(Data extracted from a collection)
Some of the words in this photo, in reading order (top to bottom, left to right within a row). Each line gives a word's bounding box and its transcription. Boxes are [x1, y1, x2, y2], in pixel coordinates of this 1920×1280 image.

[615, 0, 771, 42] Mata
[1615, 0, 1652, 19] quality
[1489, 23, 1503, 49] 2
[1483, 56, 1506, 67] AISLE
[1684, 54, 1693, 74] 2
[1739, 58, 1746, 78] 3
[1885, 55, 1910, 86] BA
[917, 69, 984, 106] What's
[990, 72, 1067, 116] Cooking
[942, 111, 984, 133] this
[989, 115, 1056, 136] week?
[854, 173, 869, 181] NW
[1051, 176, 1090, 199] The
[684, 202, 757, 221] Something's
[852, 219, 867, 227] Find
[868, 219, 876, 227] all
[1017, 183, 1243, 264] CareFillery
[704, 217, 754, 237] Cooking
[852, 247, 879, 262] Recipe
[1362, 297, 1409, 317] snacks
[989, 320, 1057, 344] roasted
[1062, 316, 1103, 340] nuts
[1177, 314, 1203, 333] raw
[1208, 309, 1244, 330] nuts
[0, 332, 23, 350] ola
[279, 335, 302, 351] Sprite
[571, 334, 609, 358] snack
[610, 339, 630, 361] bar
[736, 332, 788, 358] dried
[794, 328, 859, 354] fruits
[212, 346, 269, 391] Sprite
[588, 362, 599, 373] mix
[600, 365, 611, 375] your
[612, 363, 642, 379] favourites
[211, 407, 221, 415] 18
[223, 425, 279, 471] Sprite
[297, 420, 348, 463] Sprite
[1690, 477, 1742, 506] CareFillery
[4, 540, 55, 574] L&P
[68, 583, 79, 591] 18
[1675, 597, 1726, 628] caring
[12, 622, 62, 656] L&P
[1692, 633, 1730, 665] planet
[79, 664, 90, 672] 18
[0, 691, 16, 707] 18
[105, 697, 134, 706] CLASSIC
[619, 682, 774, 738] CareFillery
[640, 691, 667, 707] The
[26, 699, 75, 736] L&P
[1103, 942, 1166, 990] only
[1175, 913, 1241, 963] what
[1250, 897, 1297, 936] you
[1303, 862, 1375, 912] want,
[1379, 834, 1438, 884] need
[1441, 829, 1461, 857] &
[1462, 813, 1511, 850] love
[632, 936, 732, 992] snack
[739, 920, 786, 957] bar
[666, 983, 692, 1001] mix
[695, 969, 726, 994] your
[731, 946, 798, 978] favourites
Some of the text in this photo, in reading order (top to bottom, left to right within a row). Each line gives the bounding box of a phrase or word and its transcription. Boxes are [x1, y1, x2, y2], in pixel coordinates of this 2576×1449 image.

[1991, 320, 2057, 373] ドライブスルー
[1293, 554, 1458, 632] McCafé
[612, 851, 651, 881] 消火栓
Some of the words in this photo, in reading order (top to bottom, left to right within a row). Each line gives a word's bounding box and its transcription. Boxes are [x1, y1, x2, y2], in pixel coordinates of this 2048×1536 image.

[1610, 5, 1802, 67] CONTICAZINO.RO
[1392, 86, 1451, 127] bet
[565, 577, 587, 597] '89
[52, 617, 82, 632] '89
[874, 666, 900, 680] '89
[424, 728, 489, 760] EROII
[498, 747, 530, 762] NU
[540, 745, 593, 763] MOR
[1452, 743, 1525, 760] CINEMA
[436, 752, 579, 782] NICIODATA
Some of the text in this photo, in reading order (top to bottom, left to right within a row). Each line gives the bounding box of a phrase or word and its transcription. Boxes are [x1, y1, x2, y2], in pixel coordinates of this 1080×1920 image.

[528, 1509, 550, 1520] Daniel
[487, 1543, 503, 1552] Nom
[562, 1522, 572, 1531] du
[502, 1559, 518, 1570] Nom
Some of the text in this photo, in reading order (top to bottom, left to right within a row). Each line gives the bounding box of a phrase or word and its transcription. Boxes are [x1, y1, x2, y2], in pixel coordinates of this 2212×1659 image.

### WHAT TO DO
With nothing left out, print the data above exactly.

### RESPONSE AREA
Some of the words in this photo, in reading order (top to bottom, left to right within a row). Each line gives a word's bounding box and its transcription. Boxes are [x1, y1, x2, y2], in pixel coordinates of this 1920×1280 image.

[615, 0, 771, 42] Mata
[1615, 0, 1652, 19] quality
[1489, 23, 1503, 49] 2
[1483, 56, 1506, 67] AISLE
[1684, 54, 1693, 74] 2
[1739, 58, 1746, 78] 3
[1885, 55, 1910, 86] BA
[917, 69, 984, 106] What's
[990, 72, 1067, 116] Cooking
[942, 111, 984, 133] this
[989, 115, 1056, 136] week?
[854, 173, 869, 181] NW
[1051, 176, 1090, 199] The
[684, 202, 757, 221] Something's
[852, 219, 867, 227] Find
[868, 219, 876, 227] all
[1017, 183, 1243, 264] CareFillery
[704, 217, 754, 237] Cooking
[852, 247, 879, 262] Recipe
[1362, 297, 1409, 317] snacks
[989, 320, 1057, 344] roasted
[1062, 316, 1103, 340] nuts
[1177, 314, 1203, 333] raw
[1208, 309, 1244, 330] nuts
[0, 332, 23, 350] ola
[279, 335, 302, 351] Sprite
[571, 334, 609, 358] snack
[610, 339, 630, 361] bar
[736, 332, 788, 358] dried
[794, 328, 859, 354] fruits
[212, 346, 269, 391] Sprite
[588, 362, 599, 373] mix
[600, 365, 611, 375] your
[612, 363, 642, 379] favourites
[211, 407, 221, 415] 18
[223, 425, 279, 471] Sprite
[297, 420, 348, 463] Sprite
[1690, 477, 1742, 506] CareFillery
[4, 540, 55, 574] L&P
[68, 583, 79, 591] 18
[1675, 597, 1726, 628] caring
[12, 622, 62, 656] L&P
[1692, 633, 1730, 665] planet
[79, 664, 90, 672] 18
[0, 691, 16, 707] 18
[105, 697, 134, 706] CLASSIC
[619, 682, 774, 738] CareFillery
[640, 691, 667, 707] The
[26, 699, 75, 736] L&P
[1103, 942, 1166, 990] only
[1175, 913, 1241, 963] what
[1250, 897, 1297, 936] you
[1303, 862, 1375, 912] want,
[1379, 834, 1438, 884] need
[1441, 829, 1461, 857] &
[1462, 813, 1511, 850] love
[632, 936, 732, 992] snack
[739, 920, 786, 957] bar
[666, 983, 692, 1001] mix
[695, 969, 726, 994] your
[731, 946, 798, 978] favourites
Some of the text in this photo, in reading order (top to bottom, left to right within a row). Each line gives the bounding box of a phrase or word and its transcription. Boxes are [x1, y1, x2, y2], in pixel coordinates of this 2576×1449 image.

[1991, 320, 2057, 373] ドライブスルー
[1293, 554, 1458, 632] McCafé
[612, 851, 651, 881] 消火栓
Some of the words in this photo, in reading order (top to bottom, left to right within a row). Each line gives a word's bounding box and its transcription. Boxes are [x1, y1, x2, y2], in pixel coordinates of this 2048×1536 image.

[1610, 5, 1802, 67] CONTICAZINO.RO
[1392, 86, 1451, 127] bet
[565, 577, 587, 597] '89
[52, 617, 82, 632] '89
[874, 666, 900, 680] '89
[424, 728, 489, 760] EROII
[498, 747, 530, 762] NU
[540, 745, 593, 763] MOR
[1452, 743, 1525, 760] CINEMA
[436, 752, 579, 782] NICIODATA
Some of the text in this photo, in reading order (top to bottom, left to right within a row). Each line gives the bounding box of a phrase or word and its transcription. Boxes are [x1, y1, x2, y2], in pixel coordinates of this 1080×1920 image.

[528, 1509, 550, 1520] Daniel
[487, 1543, 503, 1552] Nom
[562, 1522, 572, 1531] du
[502, 1559, 518, 1570] Nom
Some of the text in this photo, in reading order (top to bottom, left to right within a row). Each line gives the bounding box of a phrase or word and its transcription. Boxes are [x1, y1, x2, y2], in pixel coordinates of this 2212×1659 image.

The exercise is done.